__Exercise requirements__.
Your reply is to be the lines below, exactly as written, with images omitted.

(Saved entries)

* * *

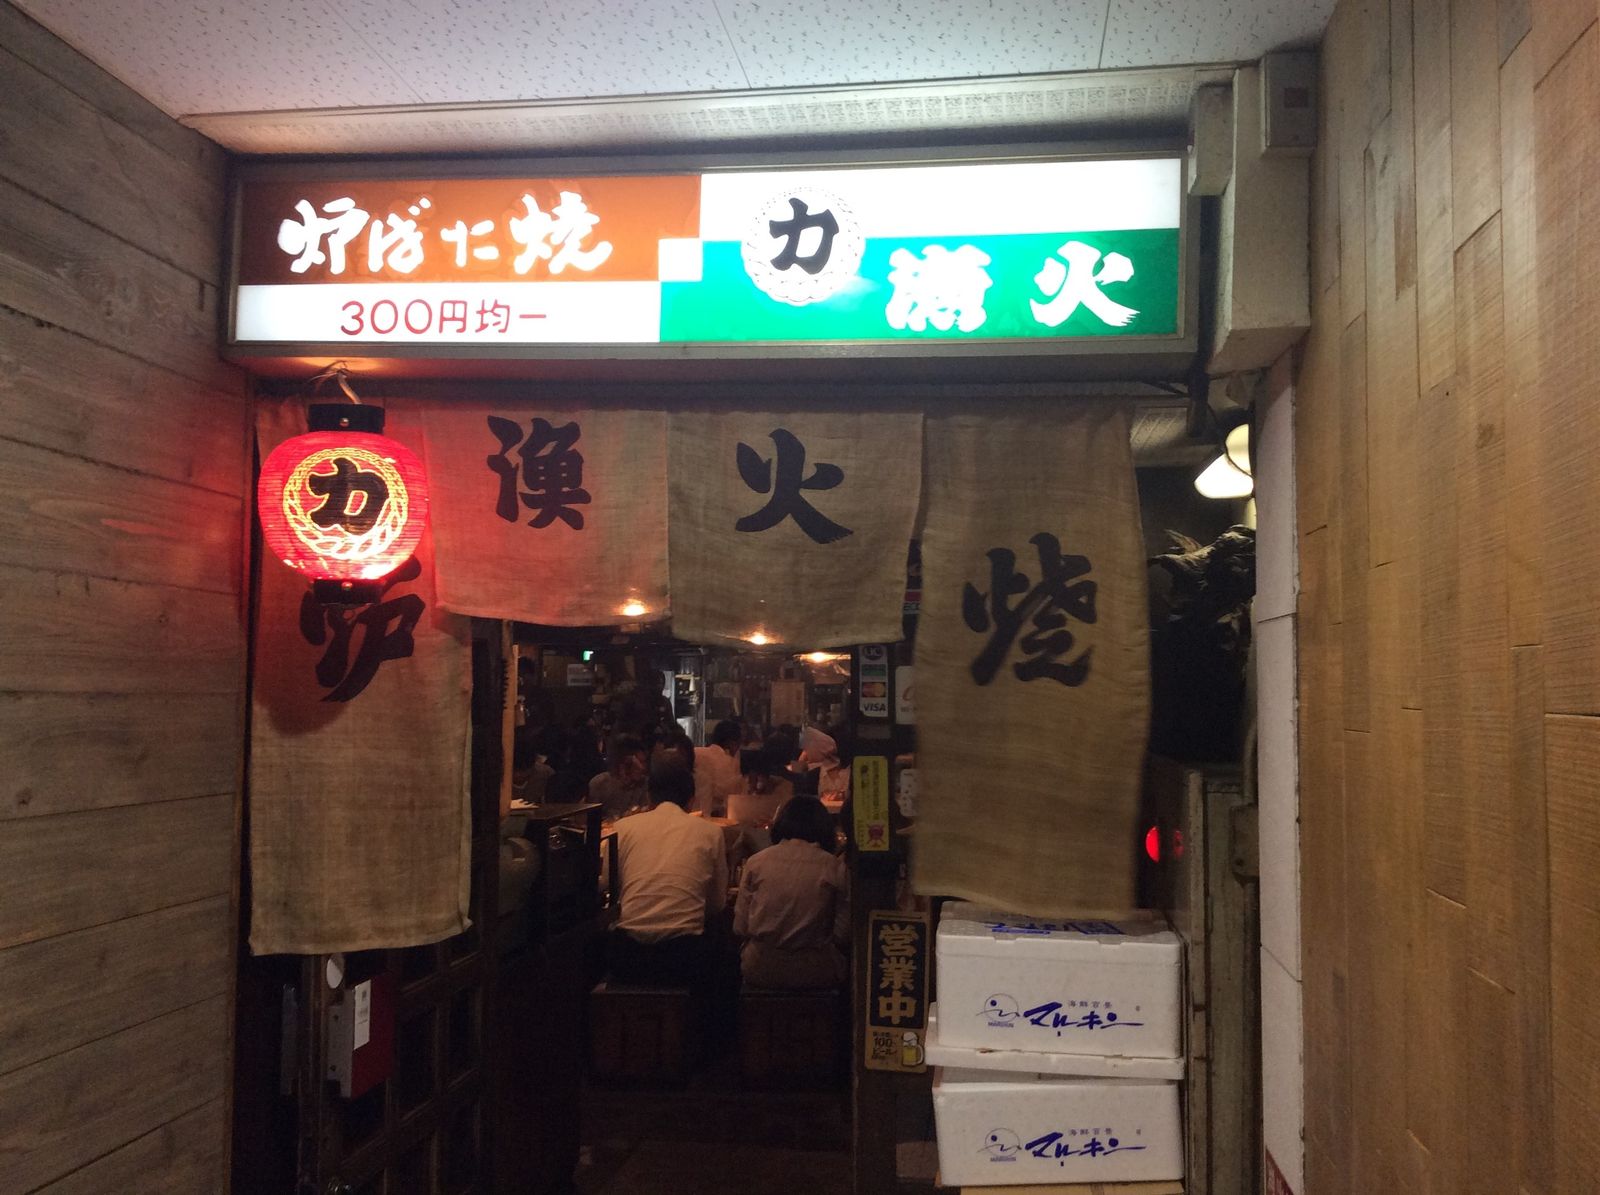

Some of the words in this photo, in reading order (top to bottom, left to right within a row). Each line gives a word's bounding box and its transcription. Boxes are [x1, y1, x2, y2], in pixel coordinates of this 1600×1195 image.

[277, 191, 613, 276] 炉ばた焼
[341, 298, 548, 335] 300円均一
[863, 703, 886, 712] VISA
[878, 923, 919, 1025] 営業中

* * *

__Exercise solution__.
Some of the words in this photo, in reading order (top to bottom, left to right within a row). Each line gives a word's bounding box and its transcription. Boxes are [x1, y1, x2, y2], in pixel coordinates of this 1600×1195 image.

[277, 191, 613, 276] 炉ばた焼
[341, 298, 548, 335] 300円均一
[863, 703, 886, 712] VISA
[878, 923, 919, 1025] 営業中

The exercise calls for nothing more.